【À la COP30】 Vers plus de résilience : Réduire l’écart en matière d’adaptation en Amérique latine et dans les Caraïbes
掲載日(フランス):2025.12.05
event |
| Nom | Organisation | Fonction |
| Takahashi Ryosuke | Département de la stratégie opérationnelle | Directeur adjoint |
Date : 10 novembre 2025
Organisateur : Banque interaméricaine de développement (BID)

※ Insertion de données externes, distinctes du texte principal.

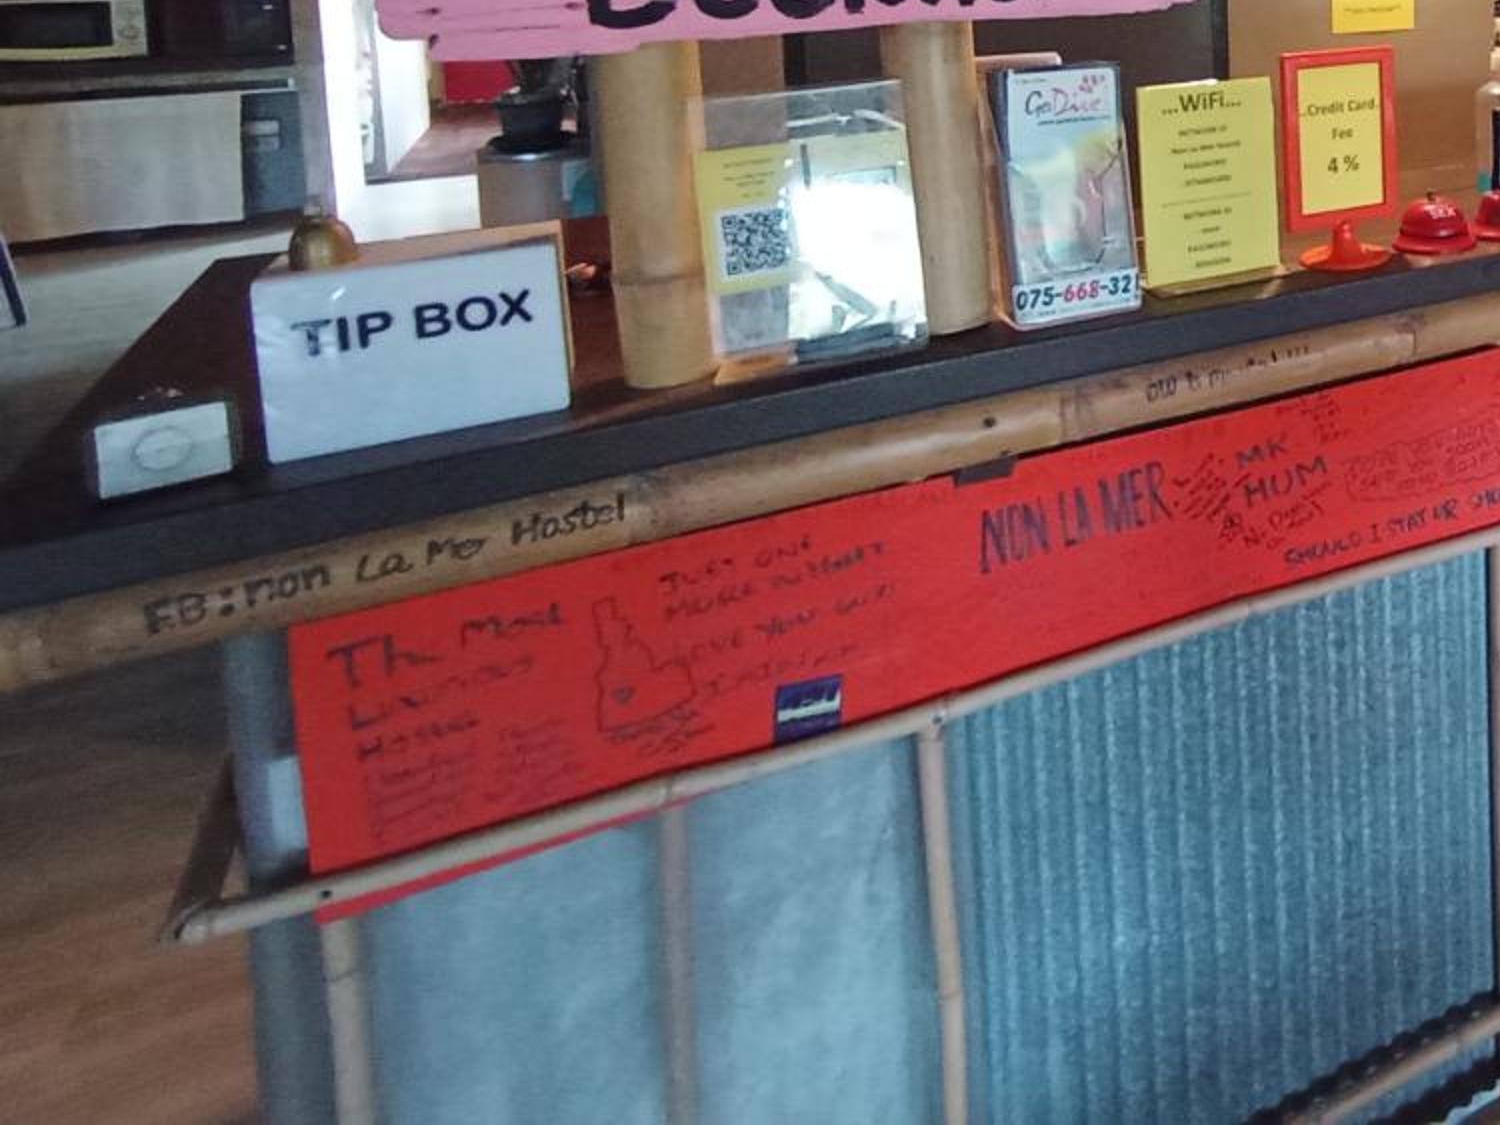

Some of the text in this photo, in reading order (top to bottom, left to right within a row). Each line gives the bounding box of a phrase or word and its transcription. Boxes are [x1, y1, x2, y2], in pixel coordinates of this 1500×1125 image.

[1327, 154, 1360, 174] 4 %
[291, 288, 533, 357] TIP BOX
[980, 492, 1052, 574] NON
[1098, 460, 1173, 535] MER
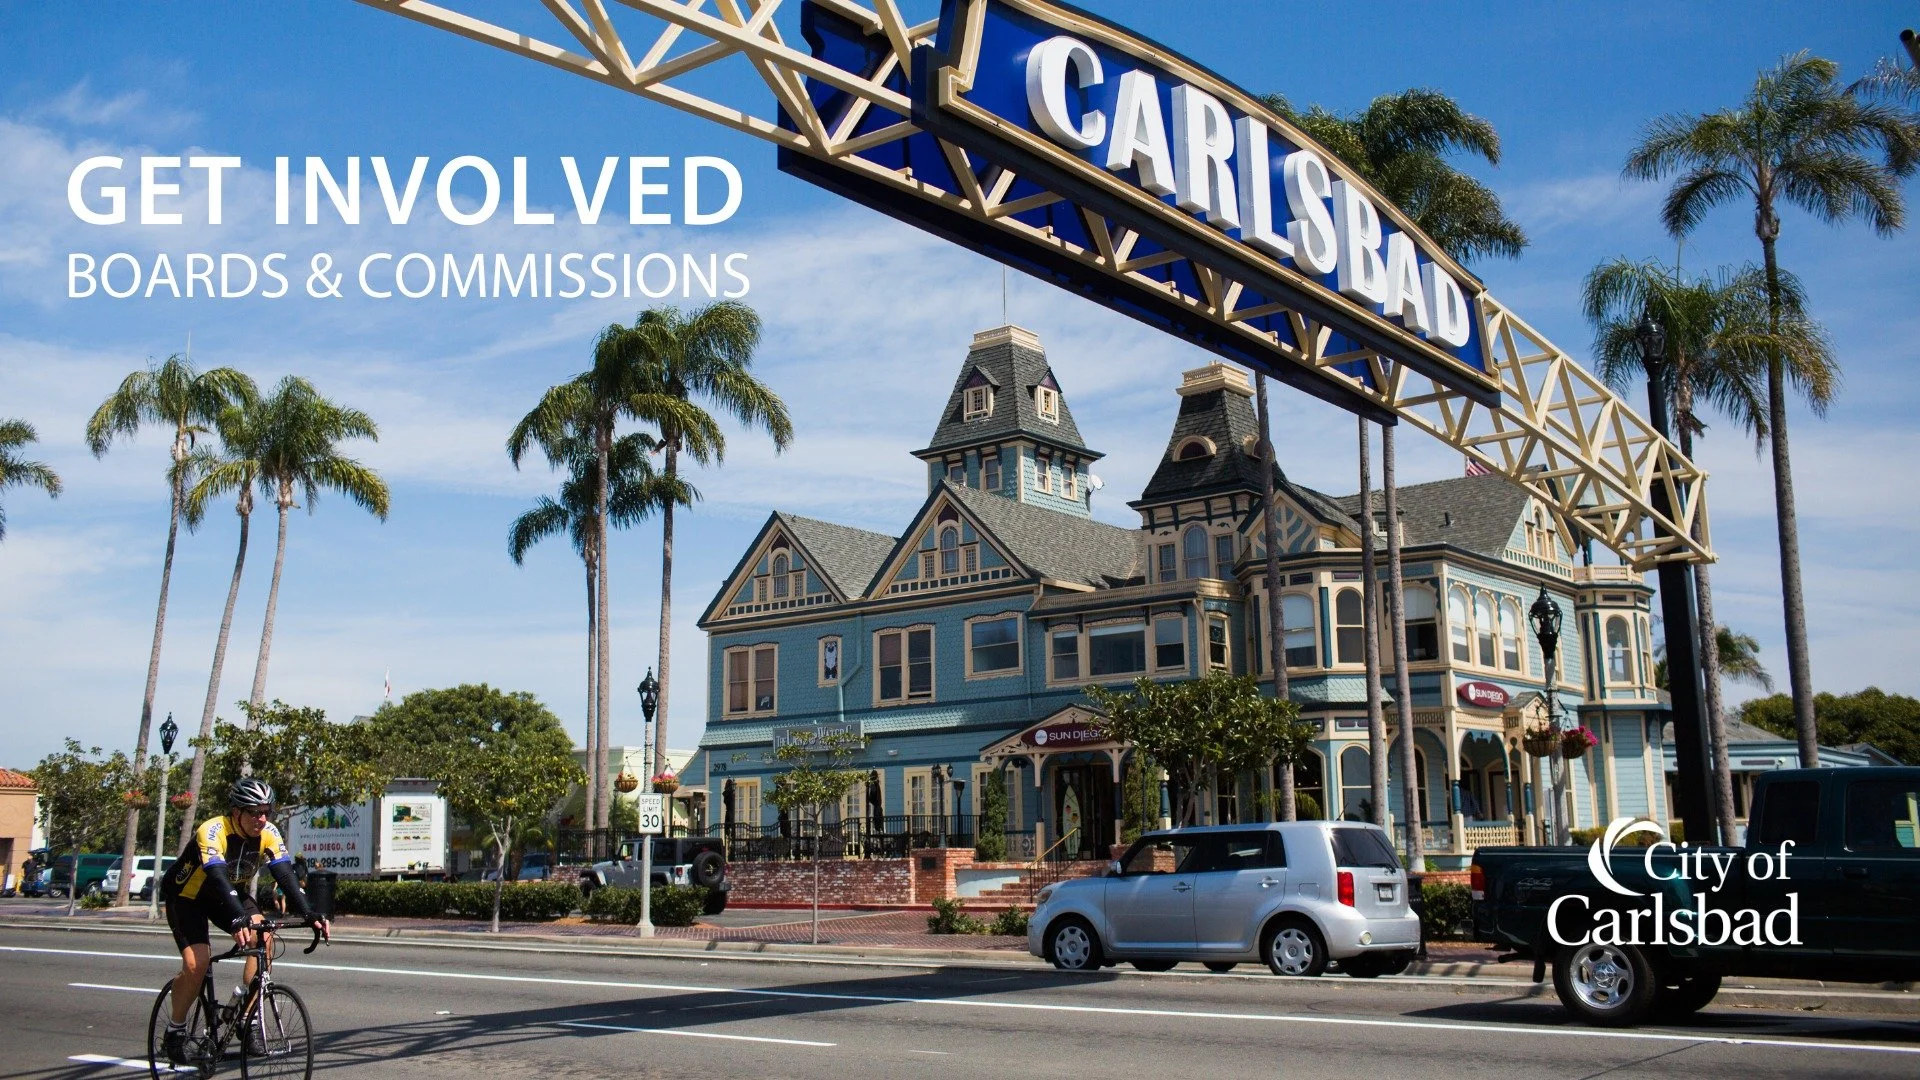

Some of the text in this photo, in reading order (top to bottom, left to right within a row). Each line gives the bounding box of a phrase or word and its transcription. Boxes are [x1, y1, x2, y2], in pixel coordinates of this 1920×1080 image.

[1026, 35, 1470, 348] CARLSBAD
[1475, 689, 1487, 698] SUN
[1049, 729, 1102, 742] SUN DIEG
[642, 814, 660, 828] 30
[303, 842, 356, 852] SAN DIEGO, CA
[321, 857, 360, 868] 295-3173

Lieu : Pavillon du groupe BID
| Nom | Organisation | Fonction |
| Inada Kyosuke | JICA | Directeur général de la gestion du développement durable |
| Alfred Grünwaldt | BID | Chef de division par intérim des solutions aux changements climatiques |
| Dr Swenja Surminski | Marsh McLennan | Directeur général climat et développement durable |
| Aloisio Lopes Pereira de Melo | Ministère de l’Environnement et du Changement climatique, Brésil | Secrétaire |
| Edalmi Pinelo | Bureau du chef du changement climatique, Belize |
Le groupe de la Banque interaméricaine de développement (BID) a organisé un événement pour le lancement de son dernier rapport, « Résilience : Réduire l’écart en matière d’adaptation en Amérique latine et dans les Caraïbes ». L’événement a mis en lumière la diversité des solutions climatiques mises en œuvre par le groupe BID et examiné les progrès pour répondre aux besoins et atteindre les objectifs en matière d’adaptation et de résilience.
Le Dr Svenja Sarminski a ouvert la séance par une présentation du nouveau rapport, suivie d’une table ronde.
Edalmi Pinero, du Belize, a pointé le risque élevé de catastrophes auquel son pays était exposé en raison de sa situation géographique ainsi que la nécessité de faire de l’adaptation une priorité. Elle a évoqué les principaux défis rencontrés à cet égard : la pénurie de financements, la faiblesse des structures institutionnelles et le manque de ressources humaines dû à des problèmes de liquidités. Elle a souligné la nécessité d’avoir des systèmes de données et des rapports transparents pour utiliser les financements climatiques.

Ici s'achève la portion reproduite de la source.